*Given entries:*

((

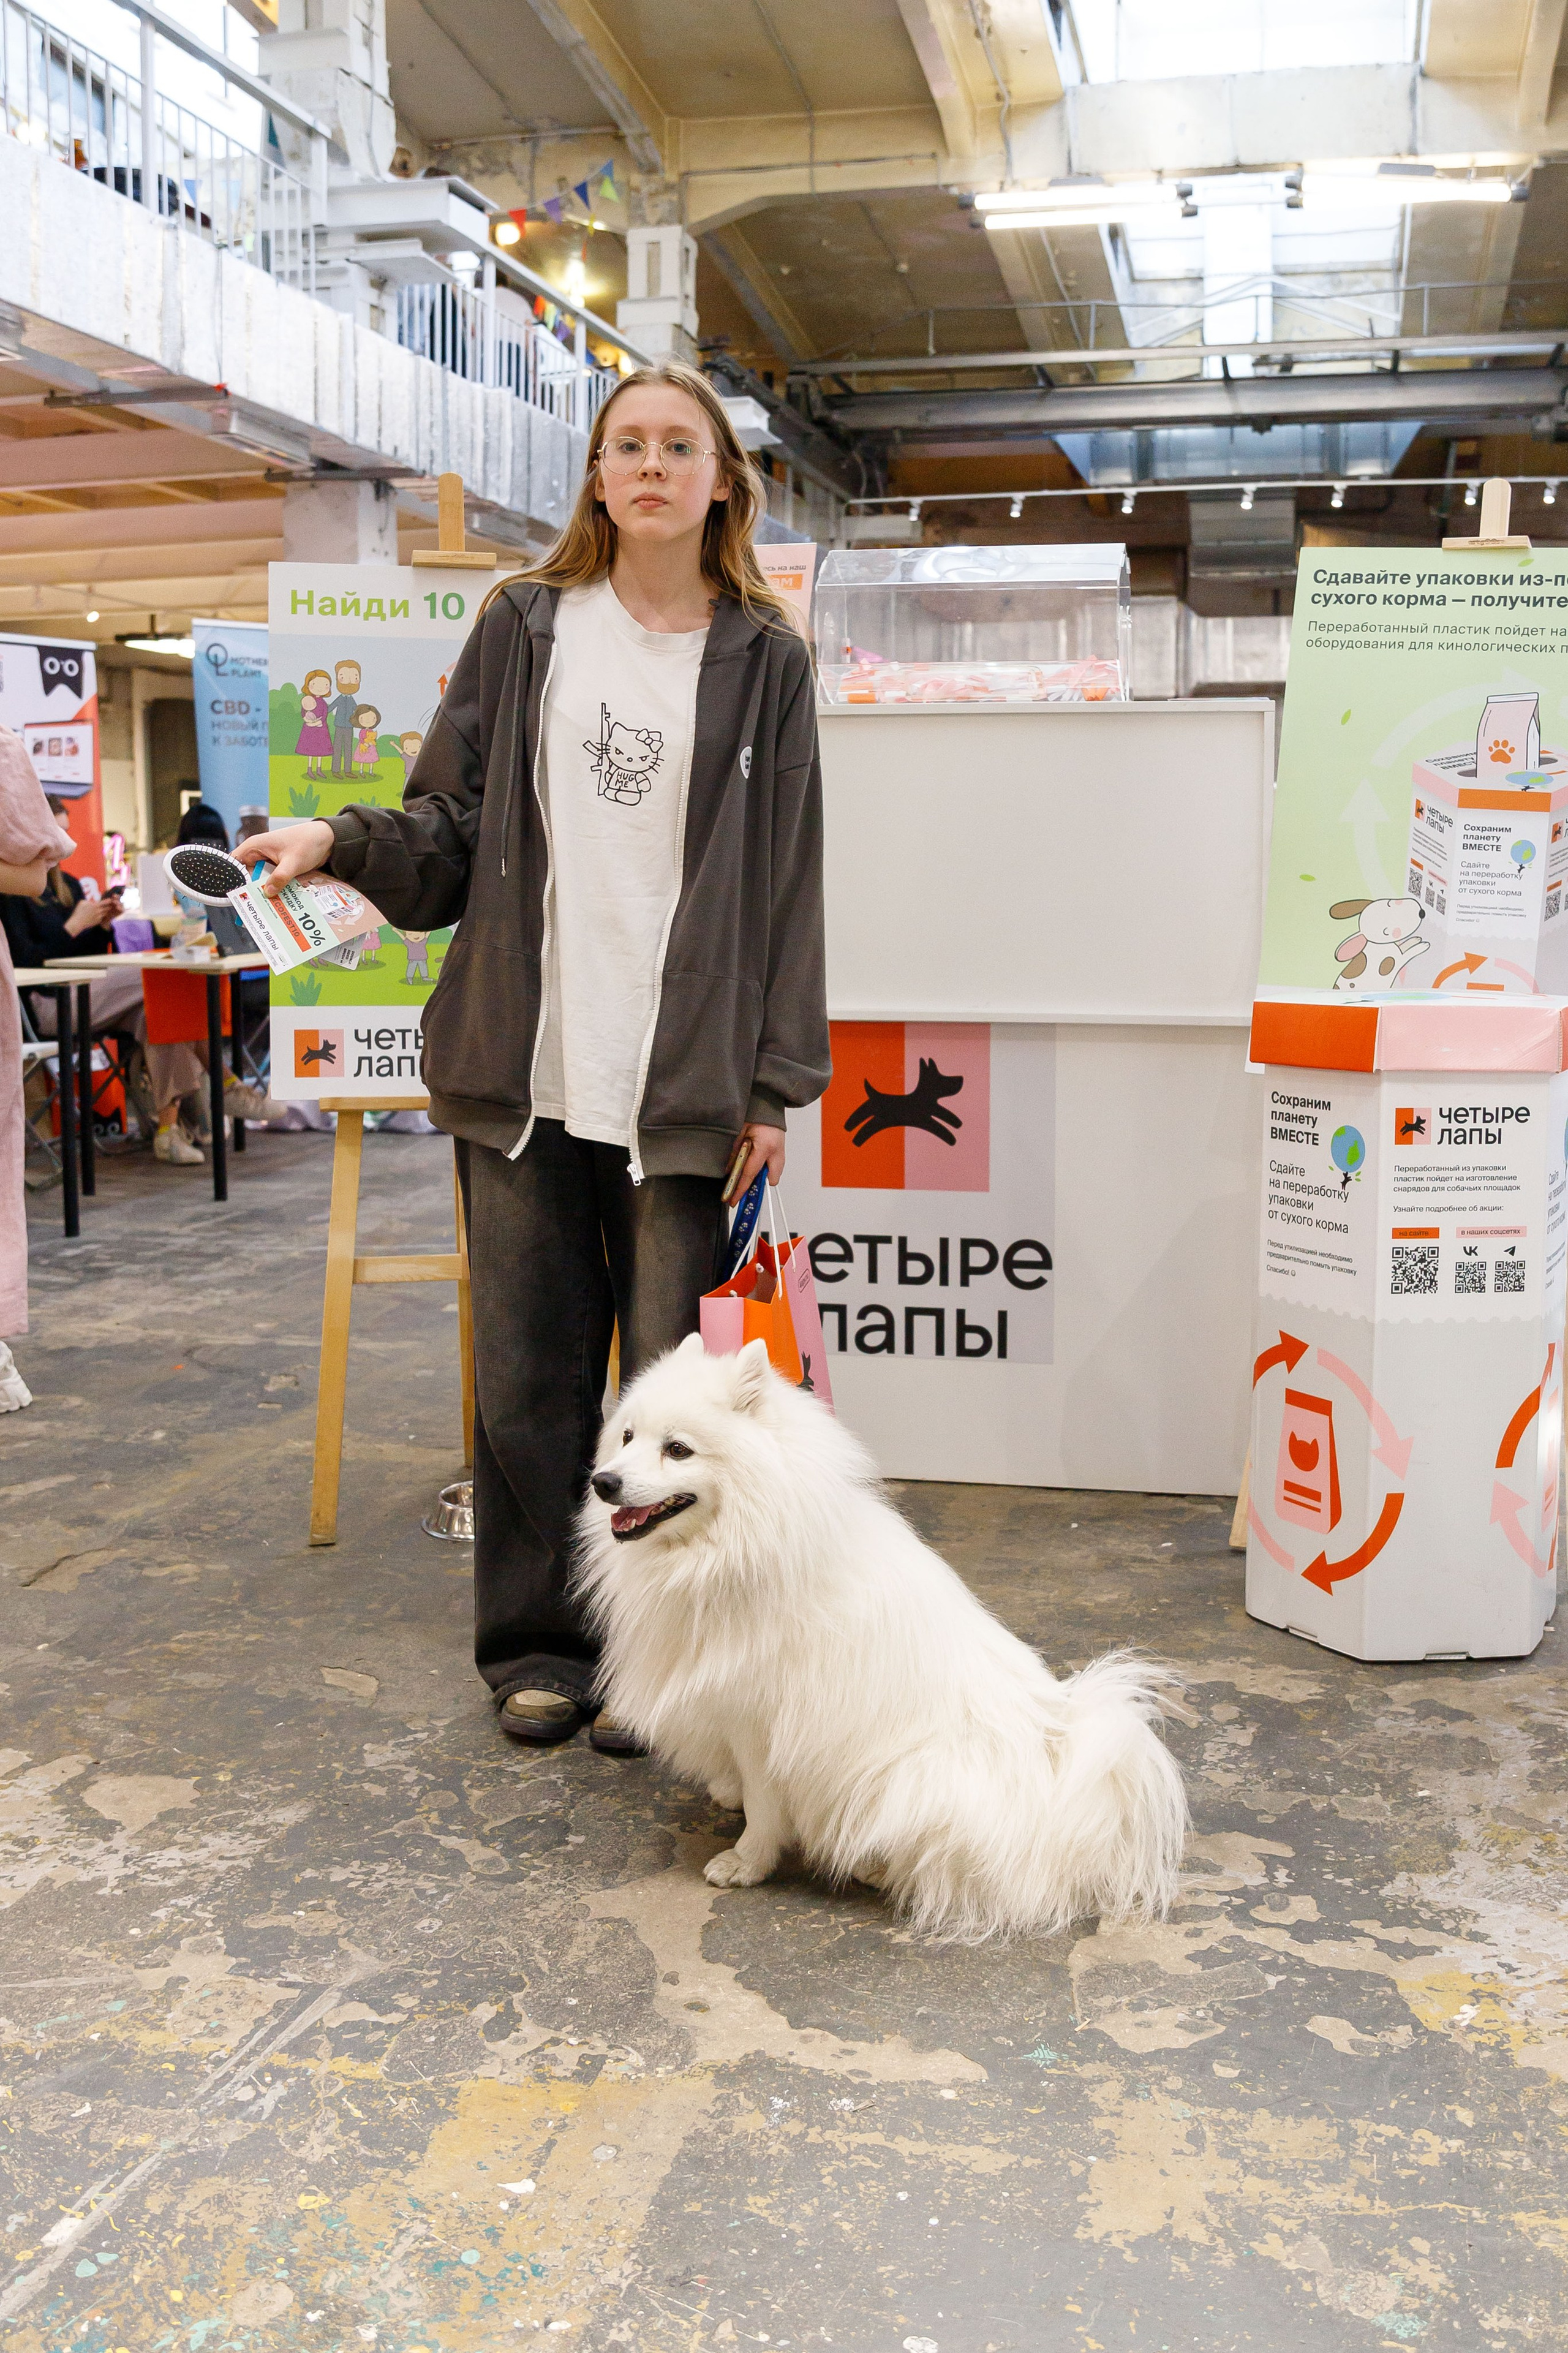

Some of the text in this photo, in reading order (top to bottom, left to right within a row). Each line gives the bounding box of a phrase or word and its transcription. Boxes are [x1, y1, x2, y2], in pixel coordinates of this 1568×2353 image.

[1313, 568, 1568, 588] Сдавайте упаковки из-п
[291, 589, 465, 621] Найди 10
[1311, 592, 1377, 607] сухого
[1382, 592, 1447, 609] корма
[1471, 595, 1568, 611] получите
[1308, 621, 1567, 637] Переработанный пластик пойдет на
[1306, 637, 1404, 651] оборудования
[1408, 639, 1433, 651] для
[1438, 641, 1556, 654] кинологических
[211, 700, 251, 714] CBD
[615, 780, 629, 788] ME
[616, 771, 635, 782] HUG
[1464, 824, 1512, 833] Сохраним
[1462, 843, 1502, 852] ВМЕСТЕ
[1471, 872, 1523, 880] переработку
[285, 885, 304, 910] ОМОКОД
[246, 901, 266, 931] четыре
[263, 929, 279, 951] лапы
[298, 912, 326, 946] 10%
[354, 1029, 424, 1050] чет
[353, 1056, 421, 1077] лап
[1271, 1091, 1331, 1111] Сохраним
[1271, 1111, 1318, 1128] планету
[1438, 1106, 1531, 1124] четыре
[1270, 1127, 1319, 1146] ВМЕСТЕ
[1438, 1127, 1502, 1146] лапы
[1269, 1160, 1305, 1177] Сдайте
[1394, 1165, 1460, 1173] Переработанный
[1269, 1178, 1349, 1203] на переработку
[1268, 1193, 1314, 1210] упаковки
[1268, 1209, 1349, 1233] от сухого корма
[1267, 1239, 1353, 1263] Перед утилизацией необходимо
[761, 1232, 1053, 1290] етыре
[1310, 1260, 1330, 1270] помыть
[1332, 1265, 1357, 1276] упаковку

))

Your answer should be every entry repeated exactly, minus the pictures.

Some of the text in this photo, in reading order (top to bottom, left to right within a row). Each line gives the bounding box of a phrase or word and its transcription. Boxes are [x1, y1, x2, y2], in pixel coordinates of this 1568×2353 image.

[1313, 568, 1568, 588] Сдавайте упаковки из-п
[291, 589, 465, 621] Найди 10
[1311, 592, 1377, 607] сухого
[1382, 592, 1447, 609] корма
[1471, 595, 1568, 611] получите
[1308, 621, 1567, 637] Переработанный пластик пойдет на
[1306, 637, 1404, 651] оборудования
[1408, 639, 1433, 651] для
[1438, 641, 1556, 654] кинологических
[211, 700, 251, 714] CBD
[615, 780, 629, 788] ME
[616, 771, 635, 782] HUG
[1464, 824, 1512, 833] Сохраним
[1462, 843, 1502, 852] ВМЕСТЕ
[1471, 872, 1523, 880] переработку
[285, 885, 304, 910] ОМОКОД
[246, 901, 266, 931] четыре
[263, 929, 279, 951] лапы
[298, 912, 326, 946] 10%
[354, 1029, 424, 1050] чет
[353, 1056, 421, 1077] лап
[1271, 1091, 1331, 1111] Сохраним
[1271, 1111, 1318, 1128] планету
[1438, 1106, 1531, 1124] четыре
[1270, 1127, 1319, 1146] ВМЕСТЕ
[1438, 1127, 1502, 1146] лапы
[1269, 1160, 1305, 1177] Сдайте
[1394, 1165, 1460, 1173] Переработанный
[1269, 1178, 1349, 1203] на переработку
[1268, 1193, 1314, 1210] упаковки
[1268, 1209, 1349, 1233] от сухого корма
[1267, 1239, 1353, 1263] Перед утилизацией необходимо
[761, 1232, 1053, 1290] етыре
[1310, 1260, 1330, 1270] помыть
[1332, 1265, 1357, 1276] упаковку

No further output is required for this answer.